This question excites me! I've done quite a bit of reflection on my grading practices (Stuck in a 4.0-Scale World), and I continuously come back to the value of formative and summative feedback. It's so powerful to give students information that can help guide them through their learning. While students are point-driven, it's an on-going challenge to make them feedback- and learning-driven.

With my courses, a few ways I easily emphasize feedback in assessments is through Peer Reviews and Learning Outcomes.

With Peer Reviews, students provide feedback for their classmates. As an instructor, you can decide whether or not to make these anonymous between the students, yet you can see who-said-what. (How do I create a peer review assignment?‌) I think students pick up a lot by looking at peers' work, and they learn to value the time that goes into receiving feedback on their own assignments.

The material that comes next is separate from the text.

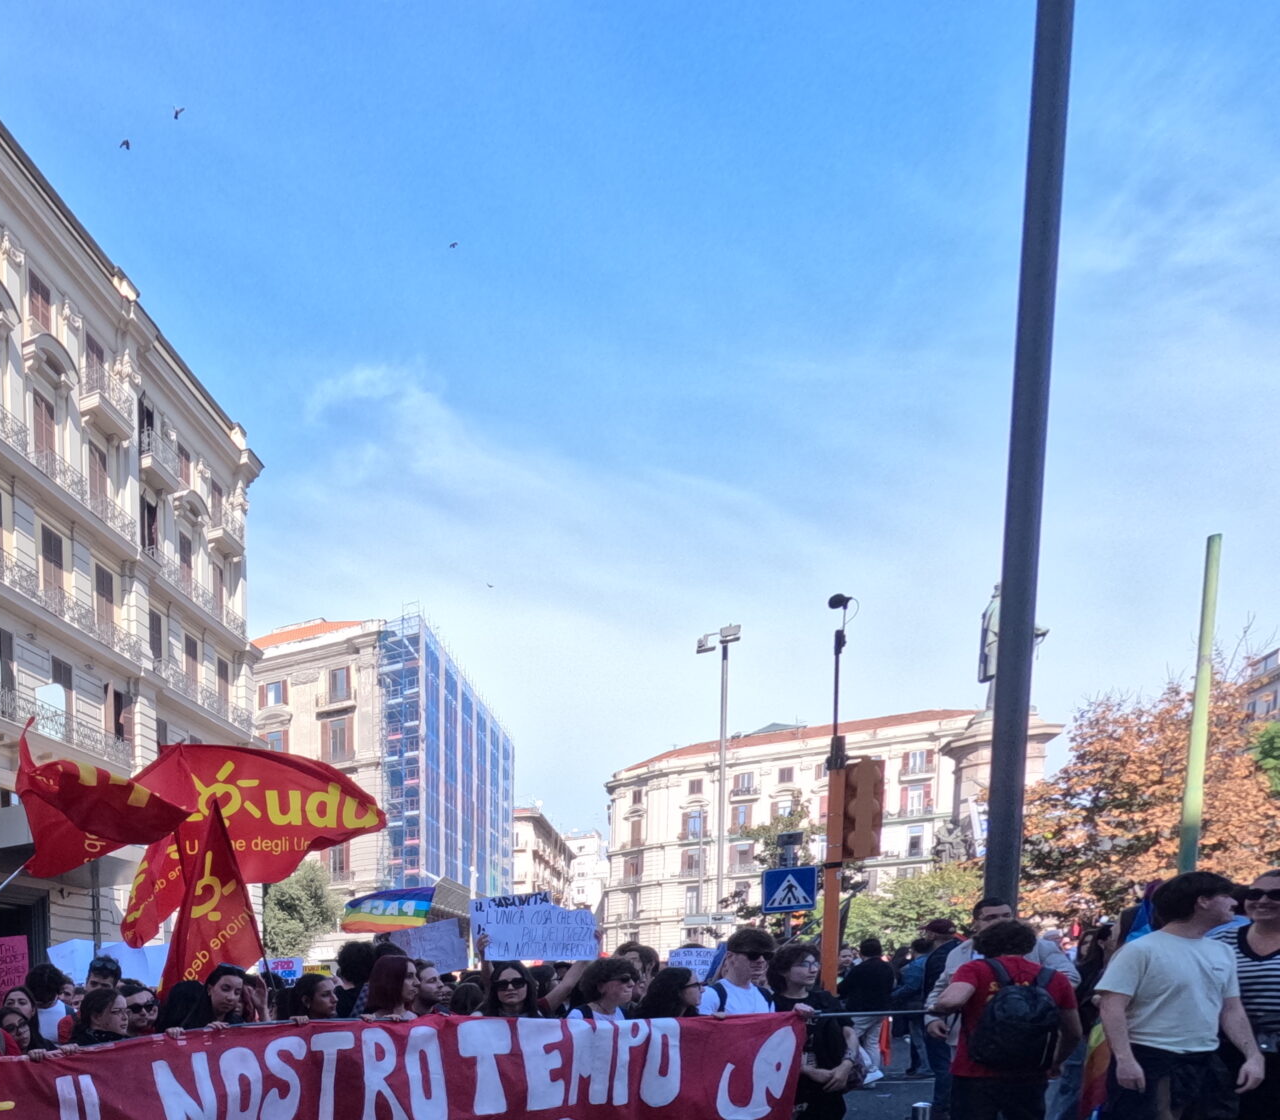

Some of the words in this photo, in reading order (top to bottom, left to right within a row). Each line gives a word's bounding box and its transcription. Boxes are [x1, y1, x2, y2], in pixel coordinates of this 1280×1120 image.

[265, 782, 380, 828] udu
[251, 836, 289, 855] degli
[457, 1017, 681, 1117] TEMPO

Last year, I ditched points altogether for my major projects. Instead, I made the projects complete-incomplete in the gradebook and focused on providing feedback with Rubrics. My students loved how learning objectives and standards were organized in the rubric, and how the Learning Mastery scores in the Grades page‌ helped them document and plan for their strength and weakness. The Learning Mastery Gradebook was a huge push for me to provide feedback and to coach students on an individual basis. Unknown to the students, I documented grades on my old points-based system and compared it to their progress with standards. I was pleasantly surprised that I saw higher academic achievement when points were not a factor.

To encourage my students to truly utilize the feedback they receive from me and from their peers, I offer them an opportunity to revise any major project within two weeks of receiving a score or critique. If they are motivated to make changes to their project and resubmit, listening to the feedback they received, I usually allow them to resubmit without penalty. ...as long as their first attempt was given genuine effort.

I know there are many ways to get students meaningful feedback in any Canvas course. I'll leave my post at this, for now, as I could talk for white a while!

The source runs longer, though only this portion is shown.